Czech Academy institute building 3D tissue models and nanofiber scaffolds for drug testing, toxicology screening, and regenerative medicine.
The Institute of Experimental Medicine of the Czech Academy of Sciences (IEM CAS) develops advanced 3D tissue models, nanofiber-based scaffolds, and drug delivery systems for regenerative medicine and toxicology screening. Their core capability lies in building organotypic cell culture platforms — from iPSC-seeded bone/cartilage scaffolds to brain-relevant models for studying nanoparticle toxicity. They bridge materials science and biomedicine, creating tools that let researchers test drugs, assess toxicity, and model diseases like osteoporosis and Alzheimer's in lab settings that mimic real tissue. Their work feeds directly into personalized medicine and preclinical drug development pipelines.
Core theme across iP-OSTEO (osteochondral scaffolds), ActiTOX (organotypic 3D models), and ASTROTECH (advanced biomaterials), covering electrospinning, bioreactors, and biomimetic scaffold design.
TUBE studied transport-derived ultrafine particle effects on the brain, while ActiTOX built organotypic screening models for nanoparticle ADME and toxicity assessment.
iP-OSTEO — their only coordinated project — developed iPSC-seeded nanofibrous scaffolds targeting osteoporosis and osteoarthritis, combining stem cell biology with materials engineering.
Contributed to HBM4EU as a third party, working on exposure biomarkers, endocrine disruptors, and chemical mixture reference values across European cohorts.
TUBE (brain effects of traffic nanoparticles) and ASTROTECH (biomaterials for studying astrocyte function, neurostimulation) signal growing investment in neurological applications.
Their earliest H2020 involvement (2017) centered on population-level chemical exposure monitoring through HBM4EU, alongside iPSC-based musculoskeletal tissue engineering in iP-OSTEO. From 2019 onward, the focus shifted decisively toward nanotoxicology and neuroscience — studying how nanoparticles cross biological barriers, building brain-relevant 3D models, and developing biomaterials for neurostimulation. The through-line is 3D cell culture and scaffold technology, but the application domain has migrated from bone/cartilage toward brain and neurological systems.
IEM is converging its scaffold/3D culture expertise with neuroscience applications, positioning itself as a go-to lab for in vitro brain tissue models and nanoparticle neurotoxicity testing.
IEM primarily joins consortia as a specialist partner, contributing specific technical capabilities (3D models, nanofiber fabrication, toxicology assays) rather than leading large projects. They coordinated one MSCA-RISE project (iP-OSTEO) focused on staff exchange, suggesting comfort with network-building but not large-scale project management. With 151 unique partners across 32 countries from just 5 projects, they operate within very large consortia and have broad international exposure — typical of an institute that provides niche expertise to diverse teams.

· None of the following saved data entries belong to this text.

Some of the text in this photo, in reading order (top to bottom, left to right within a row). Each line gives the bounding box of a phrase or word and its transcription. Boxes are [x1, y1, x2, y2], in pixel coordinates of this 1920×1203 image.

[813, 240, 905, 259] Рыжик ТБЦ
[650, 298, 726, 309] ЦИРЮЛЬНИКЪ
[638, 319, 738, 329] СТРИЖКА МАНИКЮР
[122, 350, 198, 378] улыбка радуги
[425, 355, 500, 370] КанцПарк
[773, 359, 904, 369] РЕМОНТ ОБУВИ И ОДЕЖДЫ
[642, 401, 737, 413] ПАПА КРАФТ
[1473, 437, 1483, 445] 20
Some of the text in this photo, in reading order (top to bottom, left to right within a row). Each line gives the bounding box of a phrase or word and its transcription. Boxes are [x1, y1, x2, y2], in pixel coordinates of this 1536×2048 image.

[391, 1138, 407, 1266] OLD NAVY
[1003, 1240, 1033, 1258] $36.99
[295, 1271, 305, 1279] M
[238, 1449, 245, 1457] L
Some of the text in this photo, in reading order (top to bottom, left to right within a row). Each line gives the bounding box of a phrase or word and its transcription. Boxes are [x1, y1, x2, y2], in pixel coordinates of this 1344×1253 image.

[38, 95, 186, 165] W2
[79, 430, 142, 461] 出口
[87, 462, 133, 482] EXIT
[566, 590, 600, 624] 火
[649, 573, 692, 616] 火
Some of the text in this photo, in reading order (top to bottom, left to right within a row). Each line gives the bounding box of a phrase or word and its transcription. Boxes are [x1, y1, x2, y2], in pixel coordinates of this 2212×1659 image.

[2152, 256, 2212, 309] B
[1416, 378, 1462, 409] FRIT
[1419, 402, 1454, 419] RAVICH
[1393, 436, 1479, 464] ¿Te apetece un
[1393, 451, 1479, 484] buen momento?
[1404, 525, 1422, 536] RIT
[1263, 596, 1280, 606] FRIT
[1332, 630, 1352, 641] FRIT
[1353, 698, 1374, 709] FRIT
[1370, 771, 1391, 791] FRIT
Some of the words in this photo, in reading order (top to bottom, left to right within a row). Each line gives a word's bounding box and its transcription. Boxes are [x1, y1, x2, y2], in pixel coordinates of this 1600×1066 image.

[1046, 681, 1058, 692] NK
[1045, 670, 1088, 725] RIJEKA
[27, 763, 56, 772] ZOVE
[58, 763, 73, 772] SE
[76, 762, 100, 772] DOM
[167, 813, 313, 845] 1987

Despite only 5 projects, IEM has connected with 151 partners across 32 countries — a remarkably wide network driven by participation in large-scale initiatives like HBM4EU. Their reach spans well beyond Central Europe into Western European research hubs and beyond.
IEM sits at the intersection of advanced materials fabrication (electrospinning, nanofibers, 3D printing) and biological testing — they don't just make scaffolds, they build functional tissue models and run toxicology screens on them. This combination is rare: most biomaterials labs hand off testing to others, while most toxicology labs use commercial kits. For a consortium needing someone who can both fabricate a custom 3D tissue model AND validate drug or nanoparticle behavior in it, IEM is a strong single-source partner from the Czech Academy of Sciences system.